- _Dataset_

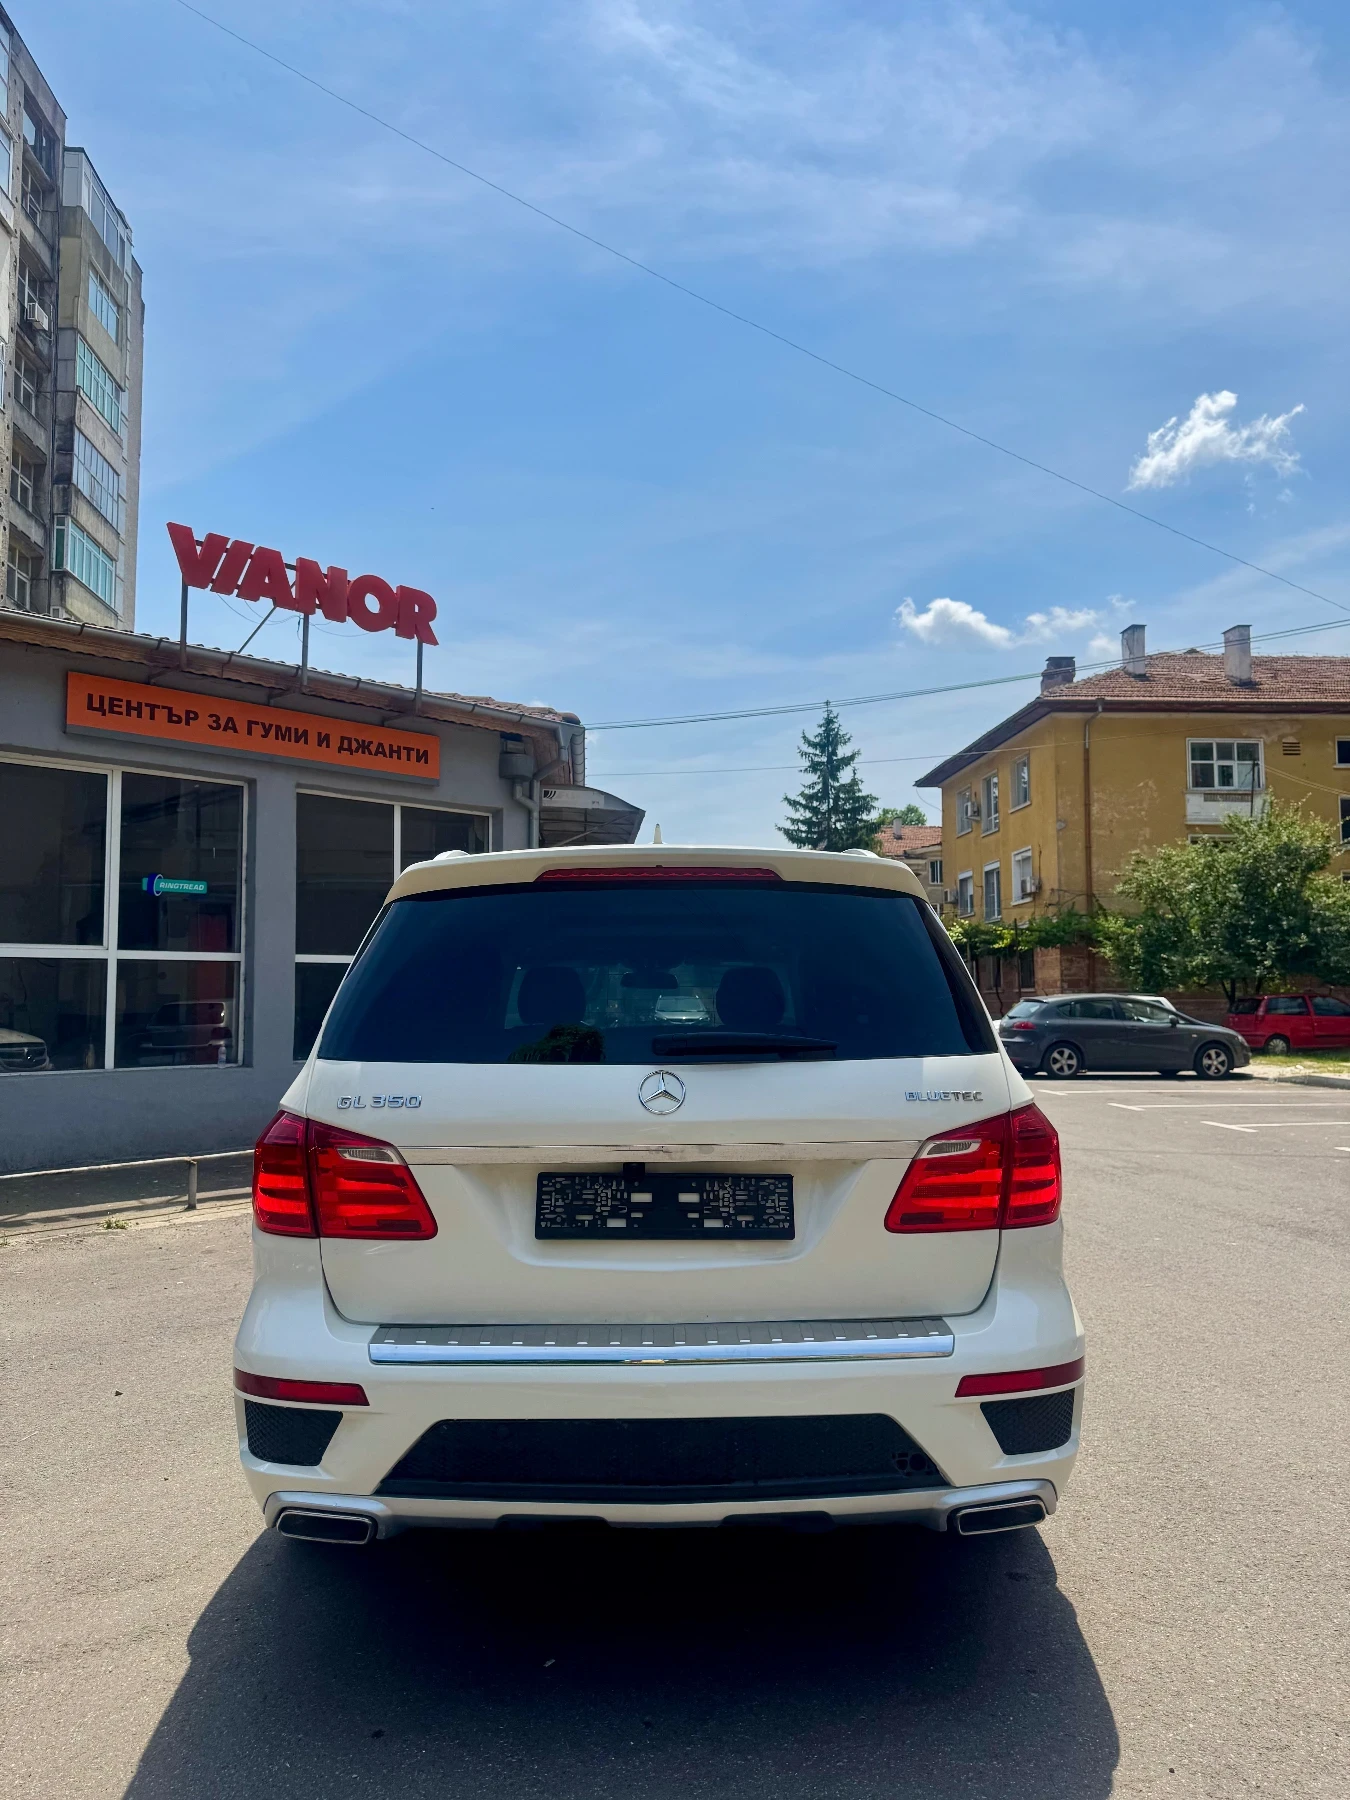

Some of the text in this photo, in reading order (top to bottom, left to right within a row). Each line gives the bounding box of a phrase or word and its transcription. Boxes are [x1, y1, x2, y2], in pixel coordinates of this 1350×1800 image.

[166, 521, 439, 646] VIANOR
[86, 692, 429, 765] ЦЕНТЪР ЗА ГУМИ И ДЖАНТИ
[159, 881, 205, 891] RINGTREAD
[336, 1094, 423, 1109] GL 350
[904, 1090, 984, 1102] BLUETEC
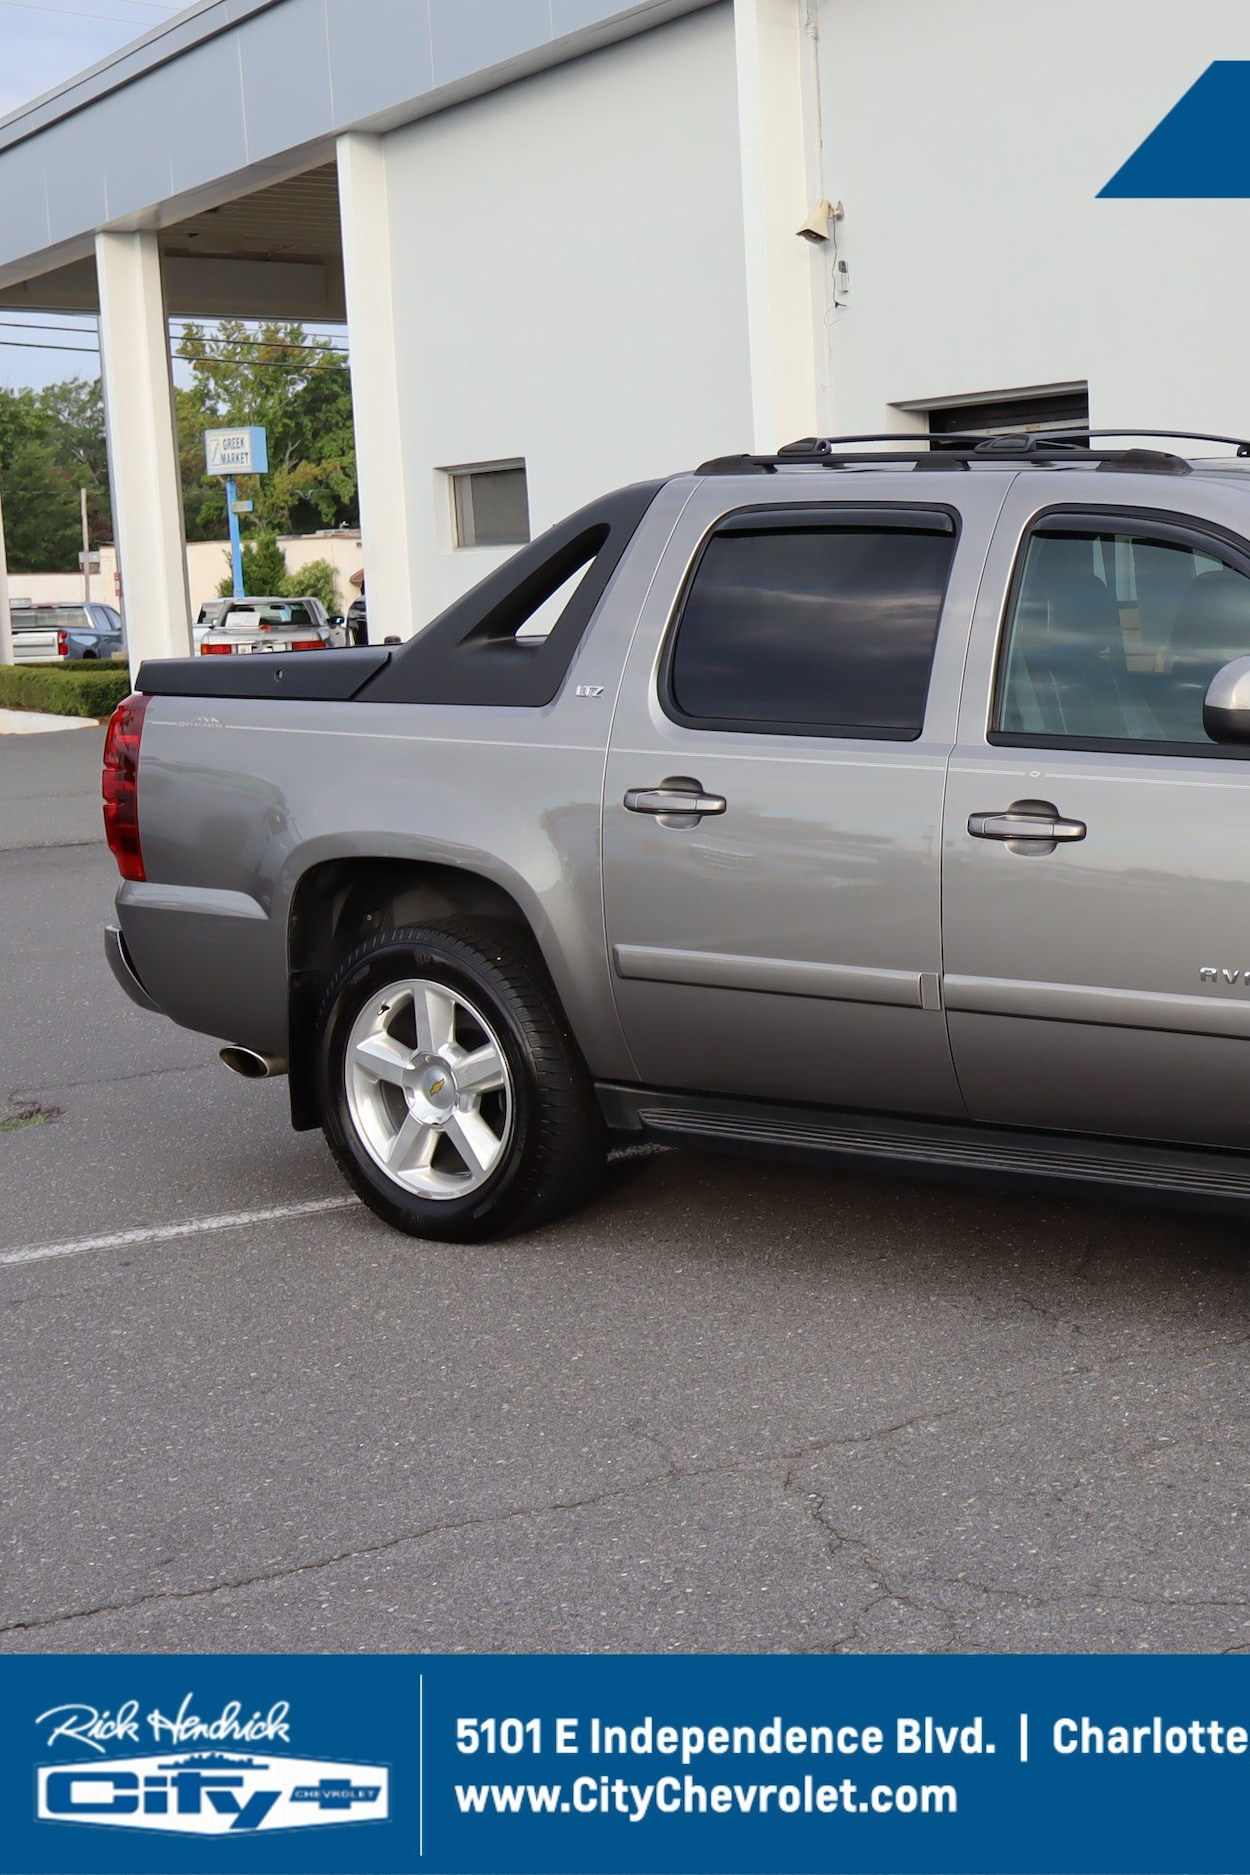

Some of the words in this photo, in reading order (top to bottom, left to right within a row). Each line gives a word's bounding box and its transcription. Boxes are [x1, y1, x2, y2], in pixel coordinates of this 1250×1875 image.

[223, 436, 246, 450] GREEK
[221, 452, 249, 465] MARKET
[576, 685, 604, 698] LTZ
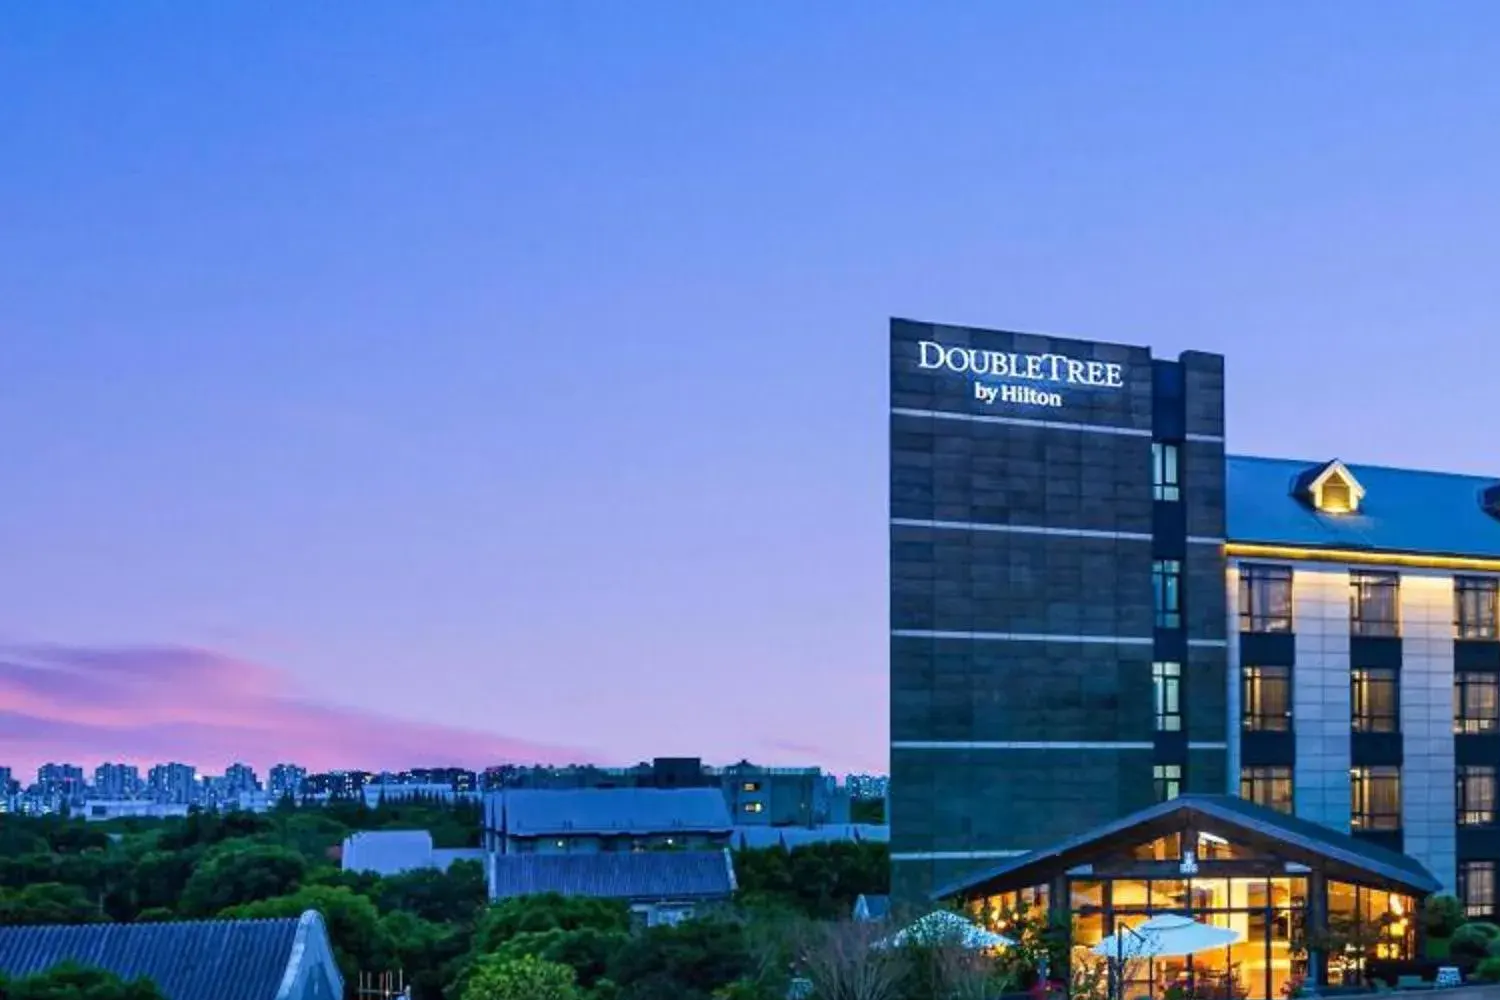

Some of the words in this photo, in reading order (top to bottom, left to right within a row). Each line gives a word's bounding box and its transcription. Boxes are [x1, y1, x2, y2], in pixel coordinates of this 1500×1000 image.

[917, 341, 1123, 387] DOUBLETREE
[975, 382, 998, 404] by
[1001, 384, 1062, 407] Hilton

- _What is needed_
In the answer, the entries should be restated verbatim, with all pictures omitted.

- _Solution for this problem_
Some of the text in this photo, in reading order (top to bottom, left to right within a row). Each line gives the bounding box of a phrase or word and its transcription. Boxes are [x1, y1, x2, y2], in pixel coordinates of this 1350×1800 image.

[166, 521, 439, 646] VIANOR
[86, 692, 429, 765] ЦЕНТЪР ЗА ГУМИ И ДЖАНТИ
[159, 881, 205, 891] RINGTREAD
[336, 1094, 423, 1109] GL 350
[904, 1090, 984, 1102] BLUETEC

Some of the words in this photo, in reading order (top to bottom, left to right within a row). Each line gives a word's bounding box and its transcription. Boxes are [x1, y1, x2, y2], in pixel coordinates of this 1250×1875 image.

[223, 436, 246, 450] GREEK
[221, 452, 249, 465] MARKET
[576, 685, 604, 698] LTZ

Some of the words in this photo, in reading order (top to bottom, left to right within a row). Each line gives a word's bounding box and its transcription. Boxes are [x1, y1, x2, y2], in pixel coordinates of this 1500×1000 image.

[917, 341, 1123, 387] DOUBLETREE
[975, 382, 998, 404] by
[1001, 384, 1062, 407] Hilton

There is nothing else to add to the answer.